*** Begin section ***
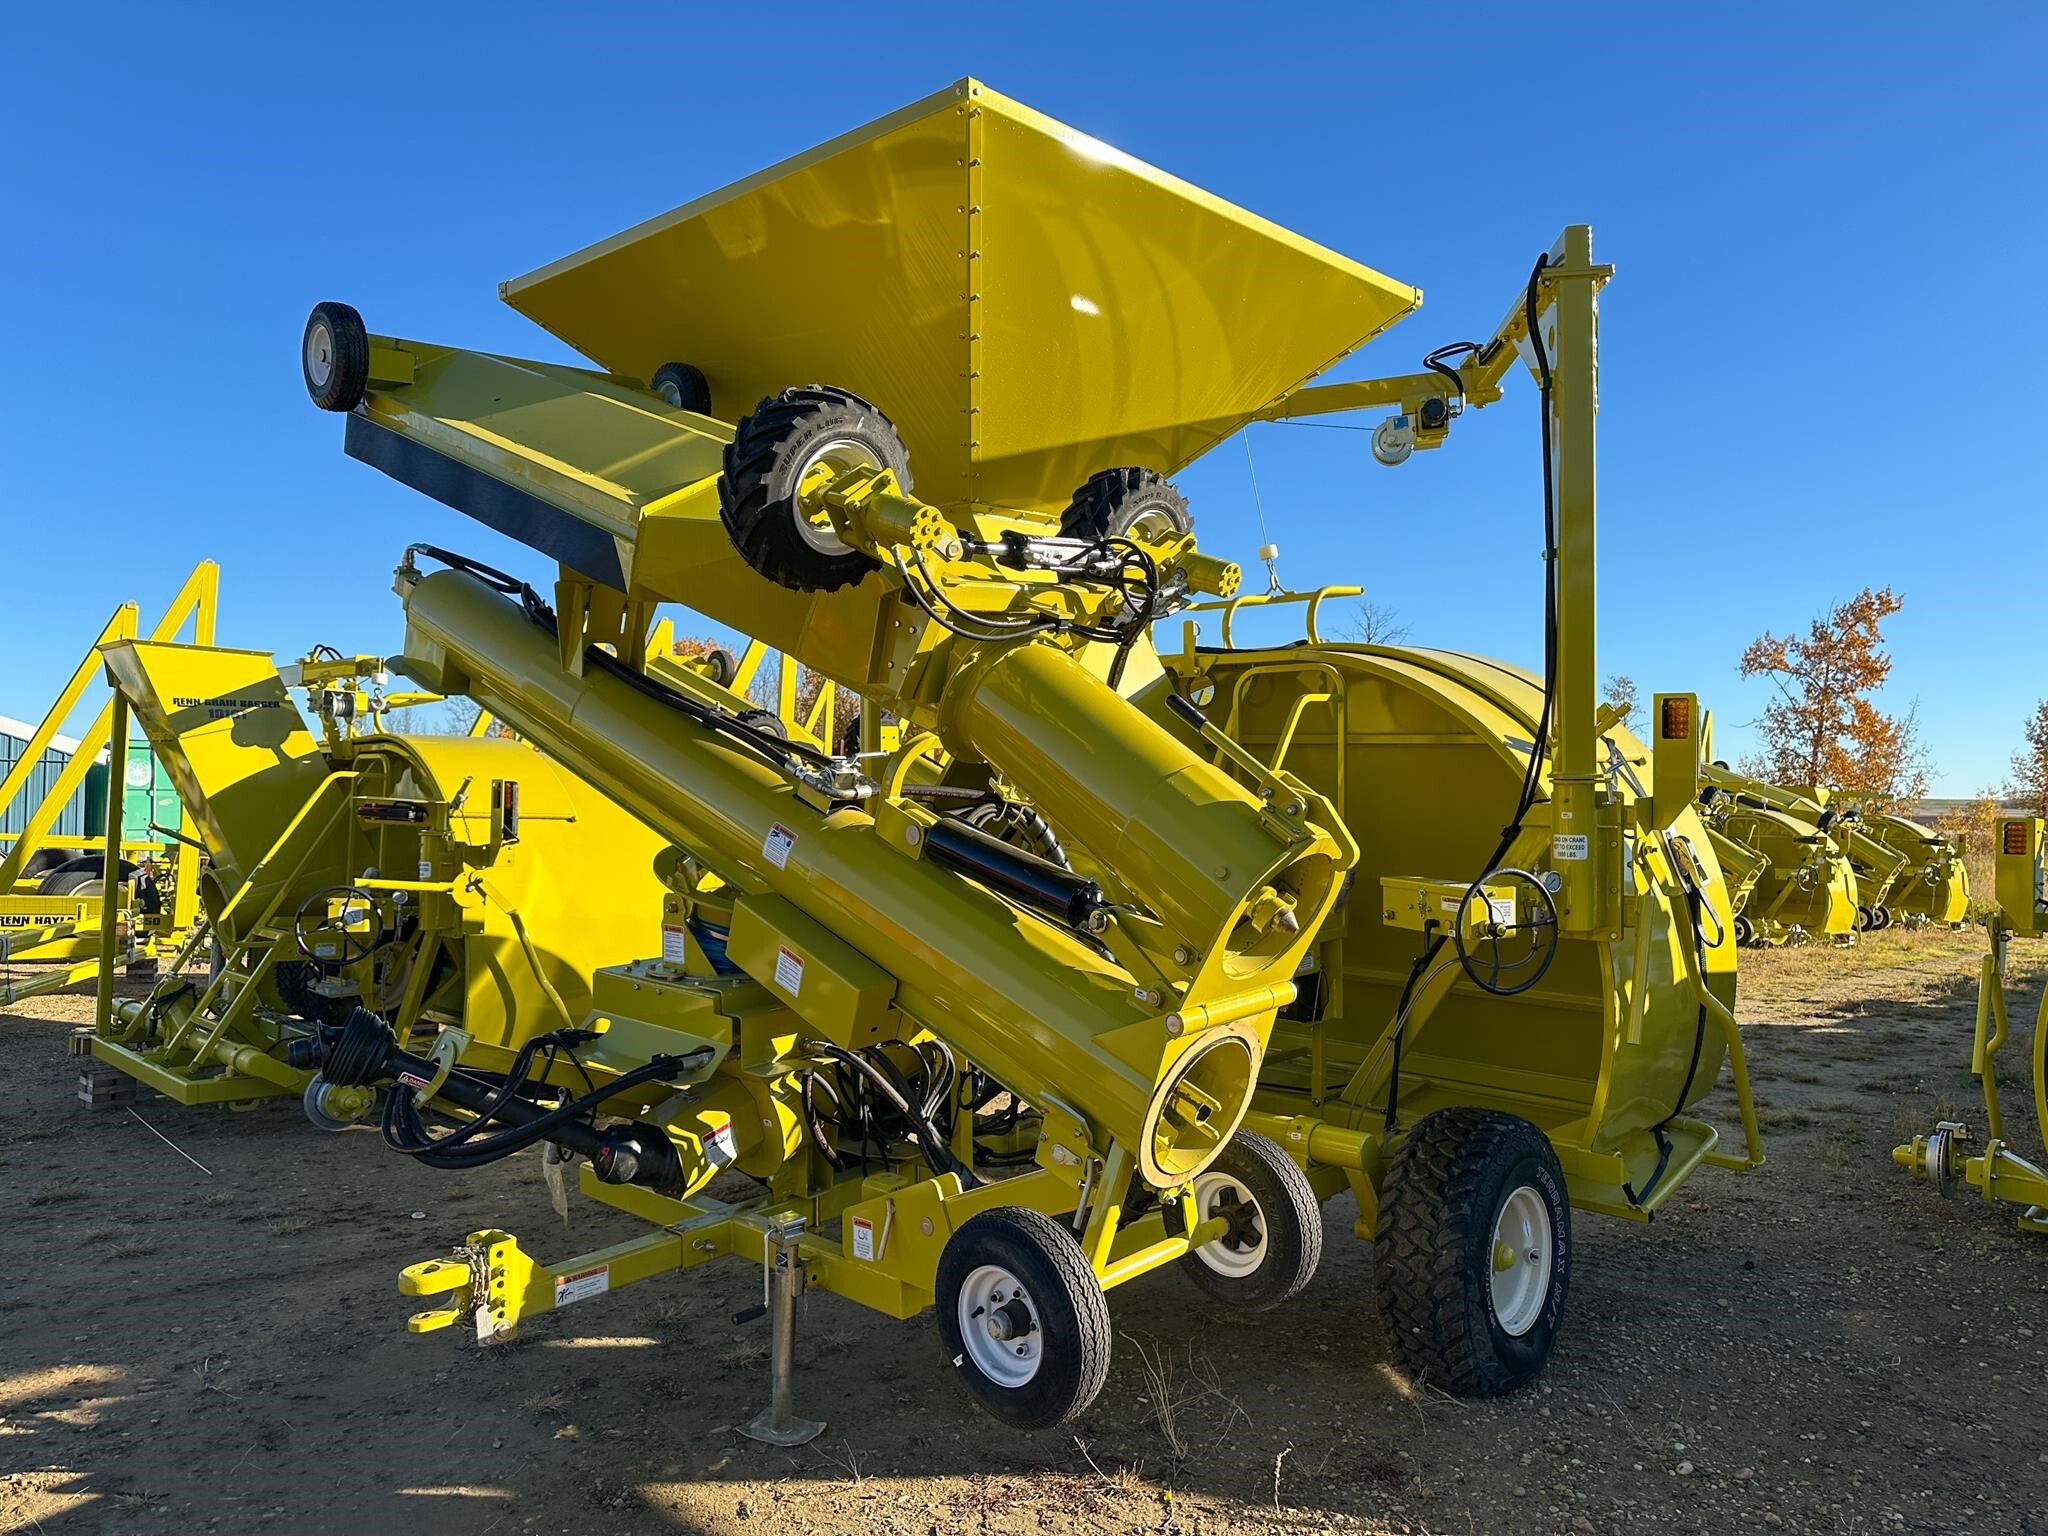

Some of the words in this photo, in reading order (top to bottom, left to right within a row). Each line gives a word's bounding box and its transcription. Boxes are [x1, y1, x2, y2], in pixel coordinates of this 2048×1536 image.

[779, 430, 813, 476] SUPER
[173, 698, 200, 707] RENN
[204, 699, 236, 707] GRAIN
[240, 700, 280, 708] BAGGER
[1537, 1166, 1566, 1274] TERRAMAX
*** End section ***
From the material above, copy everything exactly but the pictures.

◆ **Solution to the exercise**
Some of the words in this photo, in reading order (top to bottom, left to right within a row). Each line gives a word's bounding box and its transcription. Boxes are [x1, y1, x2, y2], in pixel coordinates of this 2048×1536 image.

[779, 430, 813, 476] SUPER
[173, 698, 200, 707] RENN
[204, 699, 236, 707] GRAIN
[240, 700, 280, 708] BAGGER
[1537, 1166, 1566, 1274] TERRAMAX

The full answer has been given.